The fundamental basis of a solid DFMEA analysis is the functional description. So how do we write a “good” function? And, what’s “good” anyway? Good equates to stating, in verb-noun format, why the device exists and what actions it performs in service. A bolt wasn’t placed in service to prevent corrosion of itself!
The function must never be confused with the requirement. The requirement, “Prevent Corrosion,” should not be confused with the primary function of the bolt and nut, to “Provide Clampload.” If we base our function/failure analysis on corrosion, we start to get lost; by defining the failure of the bolt to be “Corrosion” we lose sight on the failure of the clampload. There are some very good energy-based function writing methodologies available on the internet that can be found with some simple searches.

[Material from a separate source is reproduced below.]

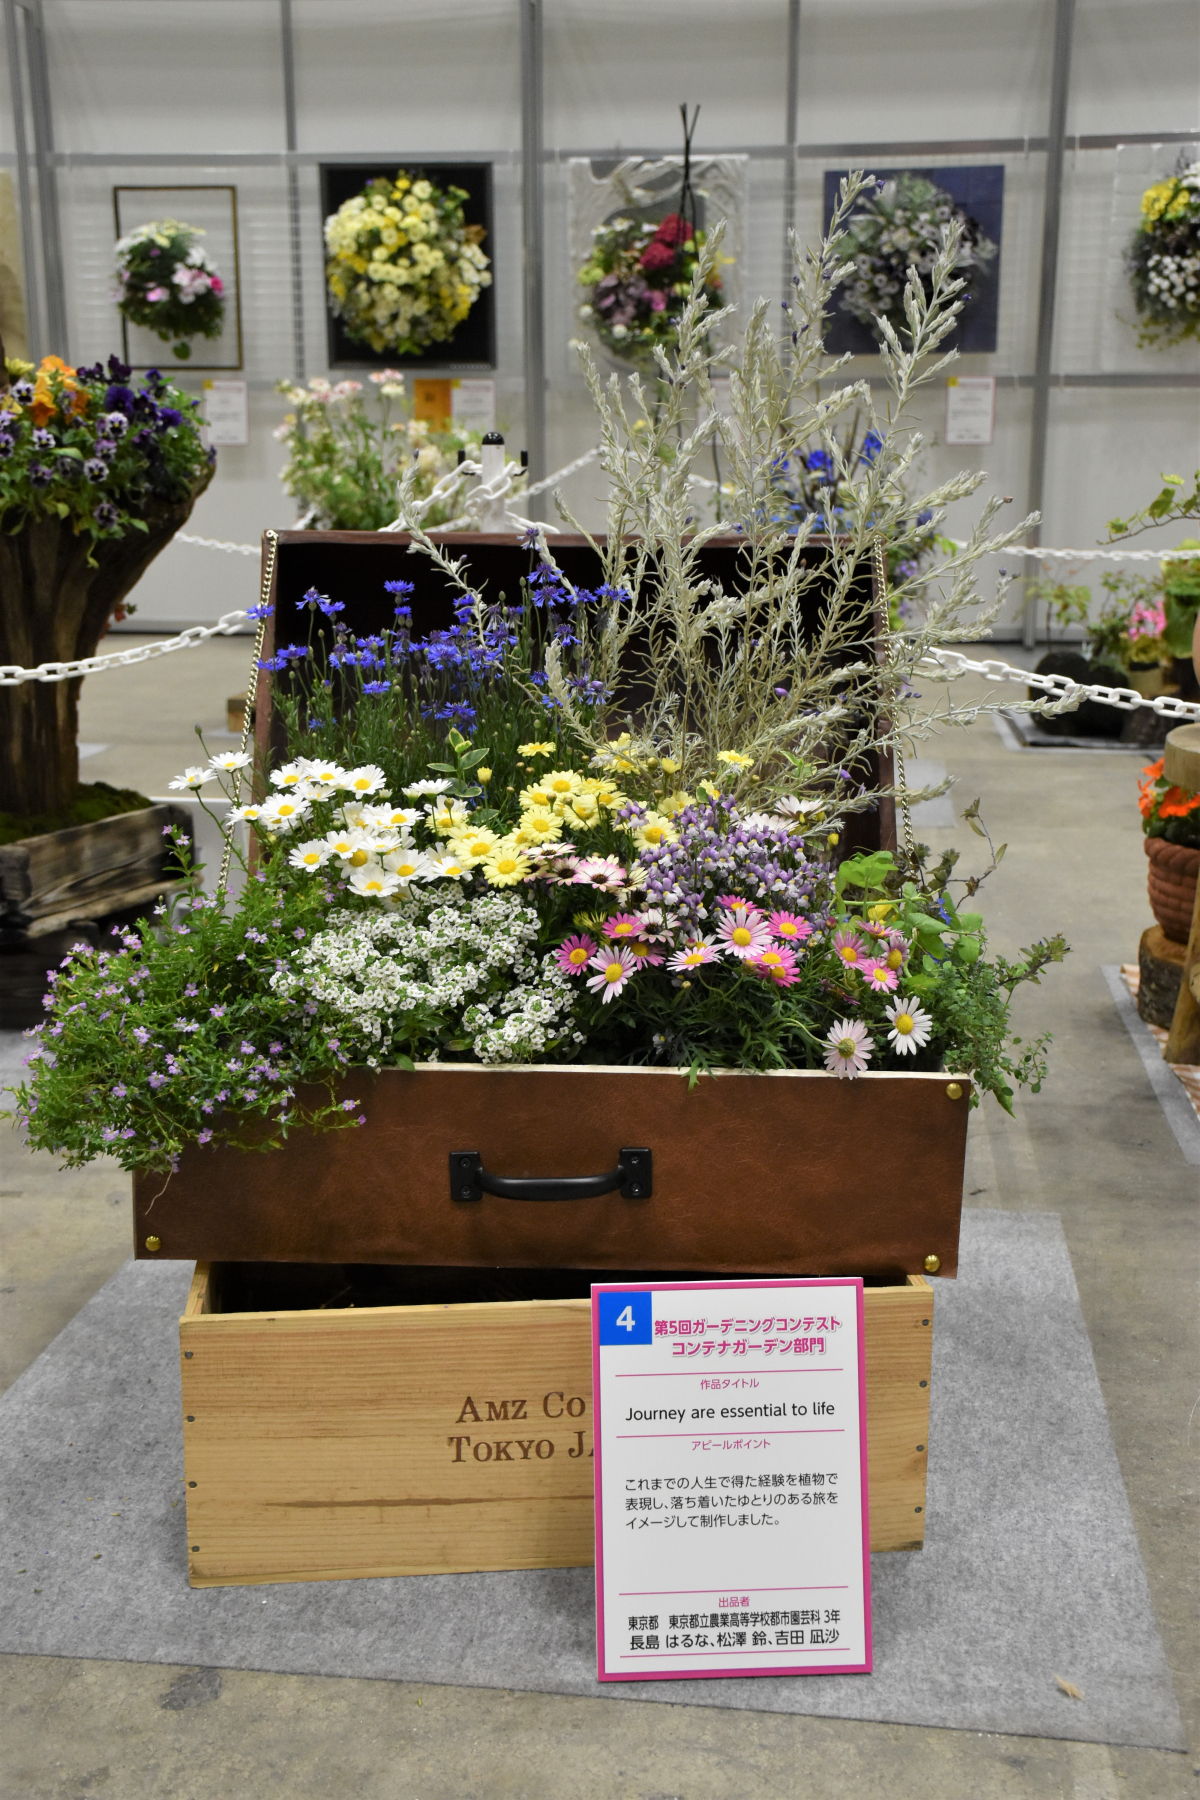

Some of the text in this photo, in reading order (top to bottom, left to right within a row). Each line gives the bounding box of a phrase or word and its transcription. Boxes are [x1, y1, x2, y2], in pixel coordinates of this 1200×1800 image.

One you may not think to look for, unless you’ve been trained in the methodology, would be the function writing methodology with the TRIZ way of thinking… and if you don’t know TRIZ, I’ll leave that discovery to you. Trust me, it’s a fascinating story of how it came to be and a wondrous methodology for breaking-through design problems.
In my years as an FMEA practitioner and facilitator, I find the concept of function writing to be the most difficult for engineers to consistently perform correctly over time. The draw of the “requirement” is just too strong. We drive these points home in our training from APIS because the point isn’t just to teach how to run the IQ-Software. The point is to become skilled in performing high-quality, function-based, risk analysis on your systems. Carry on!